W illiam Thomson, 1st Baron Kelvin (26 June 1824 – 17 December 1907) was a mathematical physicist and engineer. At the University of Glasgow he did important work in the mathematical analysis of electricity and formulation of the first and second Laws of Thermodynamics, and did much to unify the emerging discipline of physics in its modern form. For his work on the transatlantic telegraph project he was knighted by Queen Victoria, becoming Sir William Thomson. On his ennoblement in honour of his achievements in thermodynamics, and of his opposition to Irish Home Rule, he adopted the title Baron Kelvin of Largs and is therefore often described as Lord Kelvin. The title refers to the River Kelvin, which flows close by his laboratory at the university of Glasgow, Scotland.

Lord Kelvin is widely known for realising that there was a lower limit to temperature, absolute zero; absolute temperatures are stated in units of kelvin in his honour. He predicted that the melting point of ice must fall with pressure, otherwise its expansion on freezing could be exploited in a perpetuum mobile. Experimental confirmation in his laboratory did much to bolster his beliefs. In 1848, he extended the Carnot–Clapeyron theory still further through his dissatisfaction that the gas thermometer provided only an operational definition of temperature. He proposed an absolute temperature scale in which a unit of heat descending from a body A at the temperature T° of this scale, to a body B at the temperature (T−1)°, would give out the same mechanical effect [work], whatever be the number T. Such a scale would be quite independent of the physical properties of any specific substance. By employing such a ‘waterfall’, Thomson postulated that a point would be reached at which no further heat (caloric) could be transferred, the point of absolute zero about which Guillaume Amontons had speculated in 1702. Thomson used data published by Regnault to calibrate his scale against established measurements.

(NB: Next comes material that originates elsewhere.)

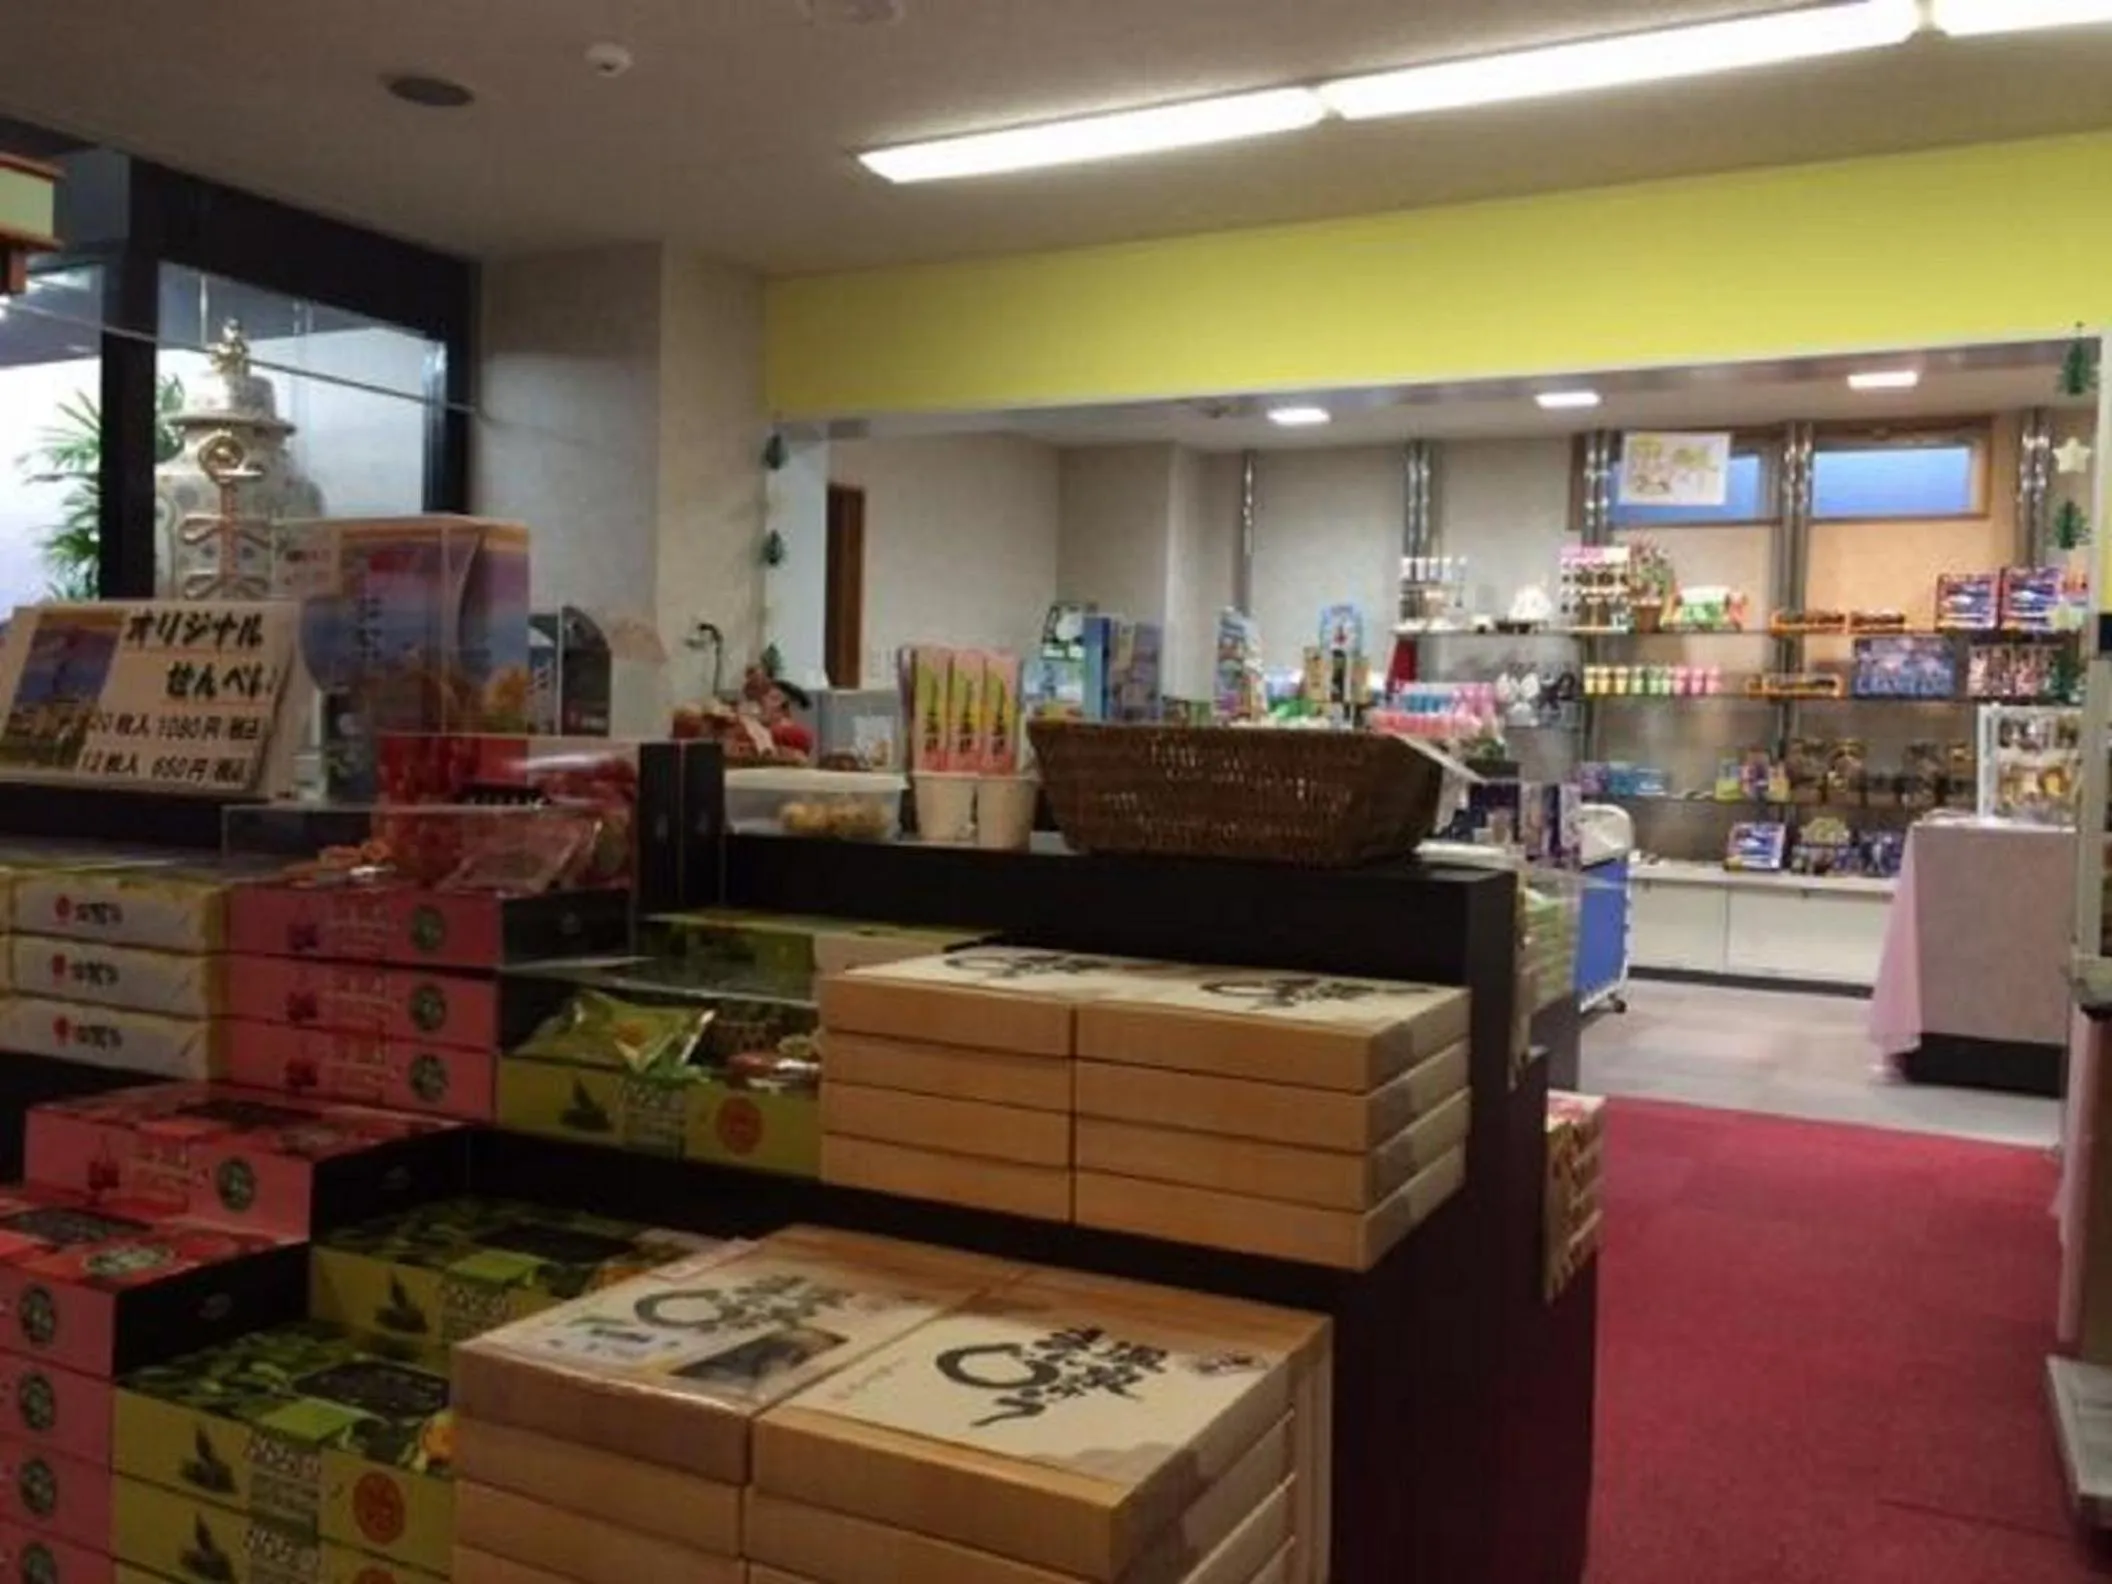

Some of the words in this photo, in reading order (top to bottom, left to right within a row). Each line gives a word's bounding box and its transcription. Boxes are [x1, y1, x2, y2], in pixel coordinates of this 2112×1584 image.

[126, 608, 264, 649] オリジナル
[166, 660, 279, 698] せんべい

Thomson critiqued Carnot’s original publication and read his analysis to the Royal Society of Edinburgh in January 1849, still convinced that the theory was fundamentally sound. However, though Thomson conducted no new experiments, over the next two years he became increasingly dissatisfied with Carnot’s theory and convinced of Joule’s. In February 1851 he sat down to articulate his new thinking. However, he was uncertain of how to frame his theory and the paper went through several drafts before he settled on an attempt to reconcile Carnot and Joule. During his rewriting, he seems to have considered ideas that would subsequently give rise to the second law of thermodynamics. In Carnot’s theory, lost heat was absolutely lost but Thomson contended that it was ‘lost to man irrecoverably; but not lost in the material world’. Thomson went on to state a form of the second law:It is impossible, by means of inanimate material agency, to derive mechanical effect from any portion of matter by cooling it below the temperature of the coldest of the surrounding objects.